Jason is a talented usability specialist with over 12 years of interactive design experience in software, web, mobile, and device design. He has extensive experience in all phases of user-centered design– Exploratory, Generative, and Evaluative – leading, coordinating, and conducting usability activities; designing and evaluating user interfaces, and managing projects.

Jason was the lead designer for Nokia's MOSH, a mobile content sharing network, and the recent redesign of ABCNews.com. Jason has led projects for Vogue, ABC, Nokia, Monster, Orange, CNN, ESPN, NPR, MTV, and the BBC.

Jason has over a decade of film & TV experience. He is proud to have worked on some of the best straight to video horror films to come out of the 1990s– Necronomicon, Return of the Living Dead III, and Leprechaun 2– just to name a few.

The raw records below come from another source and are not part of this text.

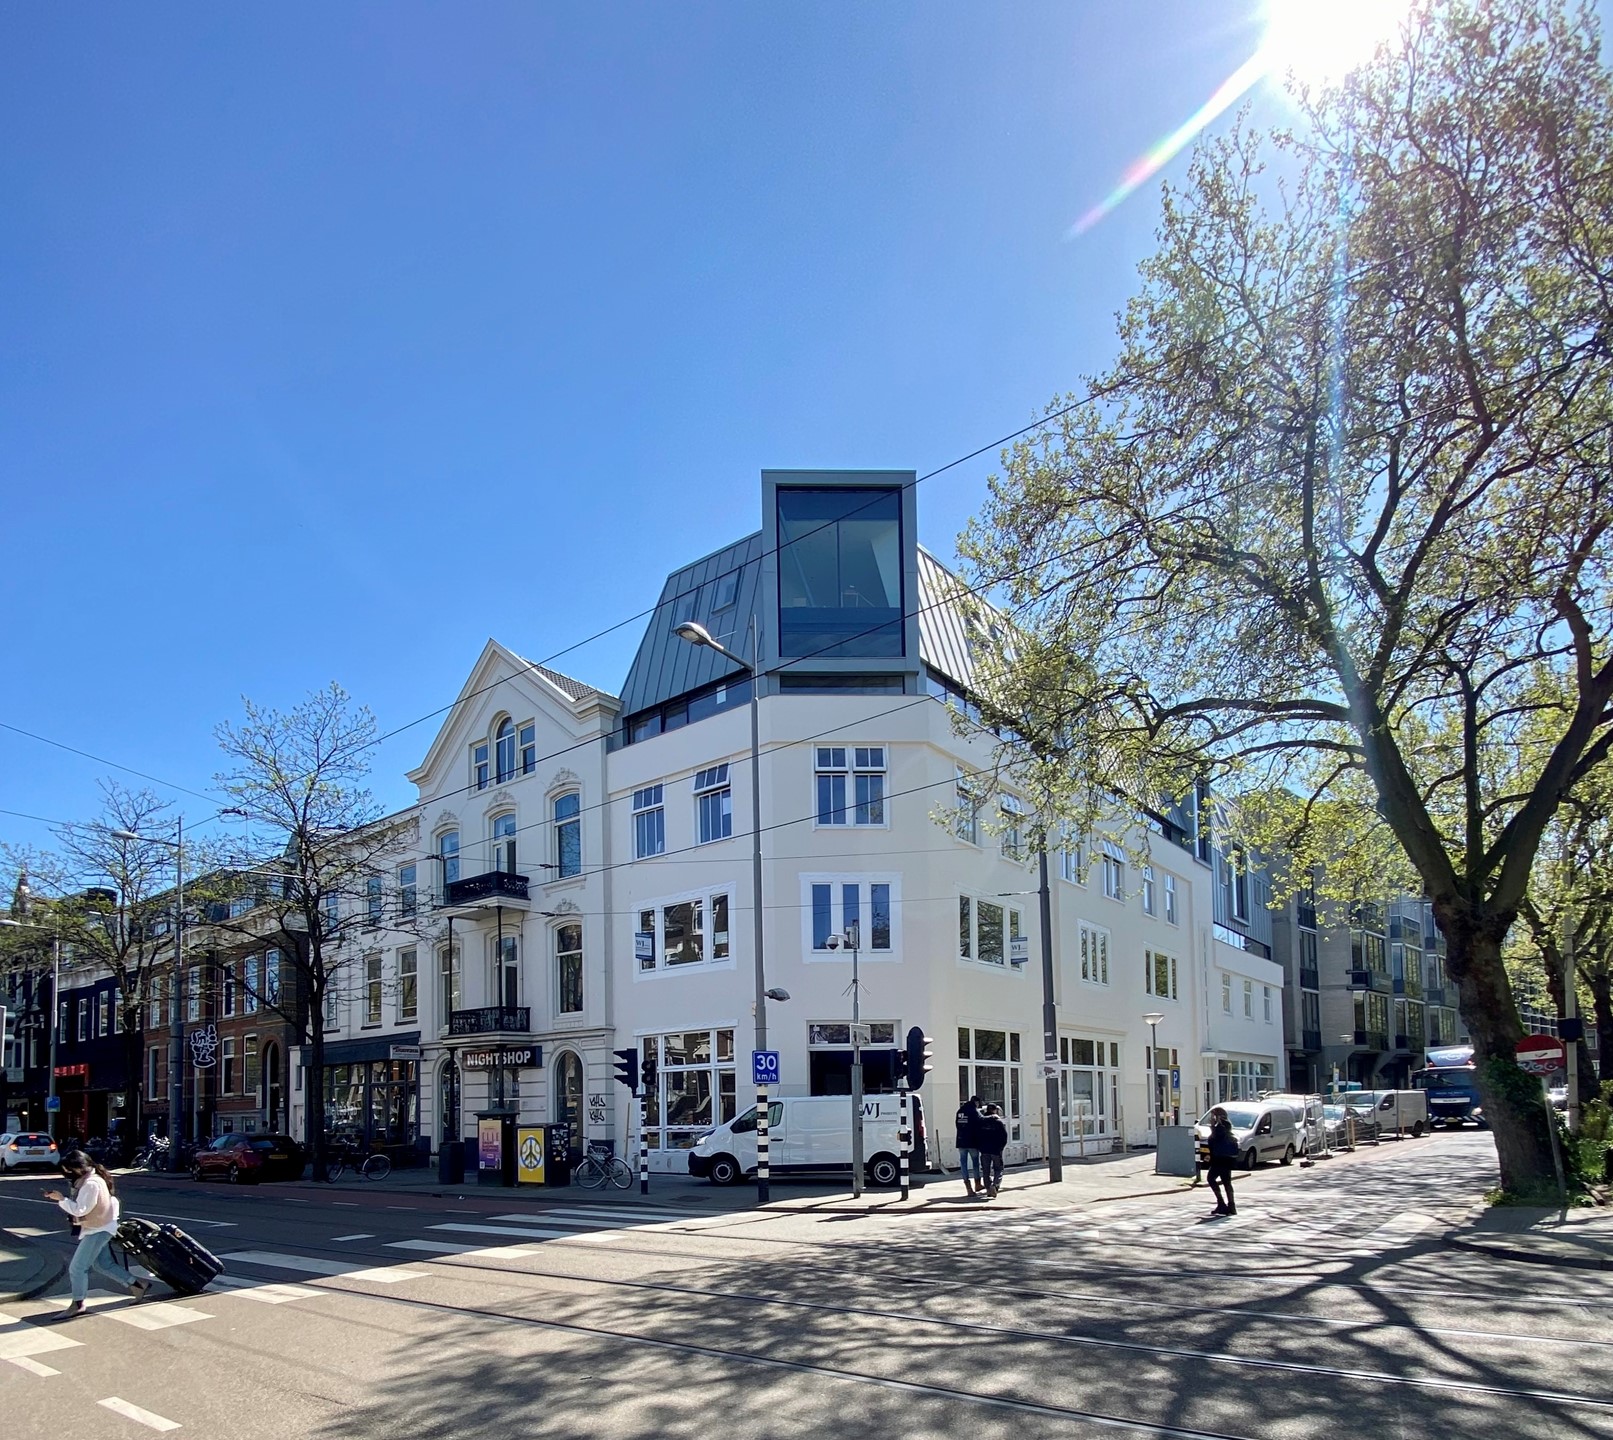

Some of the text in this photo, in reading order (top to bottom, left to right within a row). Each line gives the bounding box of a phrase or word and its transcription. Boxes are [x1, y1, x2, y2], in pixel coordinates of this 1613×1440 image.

[467, 1051, 531, 1066] NIGHT SHOP
[756, 1054, 777, 1070] 30
[756, 1072, 777, 1081] km/h
[1173, 1071, 1178, 1087] P
[861, 1102, 880, 1118] WJ

Jason worked as a broadcast designer with Varitel on projects ranging from ILM Commercial productions Clio Award winning "First Union" commercials, to Eidos Interactive's "E3 Video Wall."

Jason is an award-winning screenwriter, and an actor. Jason has had 2 feature screenplays optioned, and numerous short films produced. He is the head writer of the interactive soap opera, podOpera Brooklyn.

Blog:

Tuesday, June 16, 2009

Clay Shirky on the revolution of social media - Why Iran's attempts at censoring will ultimately fail...

Amazing points in this TED talk by Clay Shirkey that are very applicable to what's going on in Iran right now.

To paraphrase (with my analysis in parentheses):

The Great Firewall of China failed (and Iran's attempts at media control will fail too) because it was designed to censor an old media model:
  • Media produced by professionals
  • From the outside world
  • Delivered in sparse chunks
  • Slowly

    But the new social media world (including Twitter, and Facebook, and MySpace, and Bebo, and... too many social networks to count actually, with more emerging every day) the things to be censored are:
  • Locally produced
  • By amateurs
  • Quickly
  • In huge abundance

    Clay talks about the earth quake in China, but he could just as easily be talking about the protests in Iran. He says that the only way a country like China can control the media message now is by attempting to block the services--Twitter, etc.--but this is doomed to fail, because new services crop up on a daily basis. So unless China (and Iran) are willing to turn off the internet spigot all together (like North Korea) the regimes will soon find it impossible to control the messages their citizens send and receive.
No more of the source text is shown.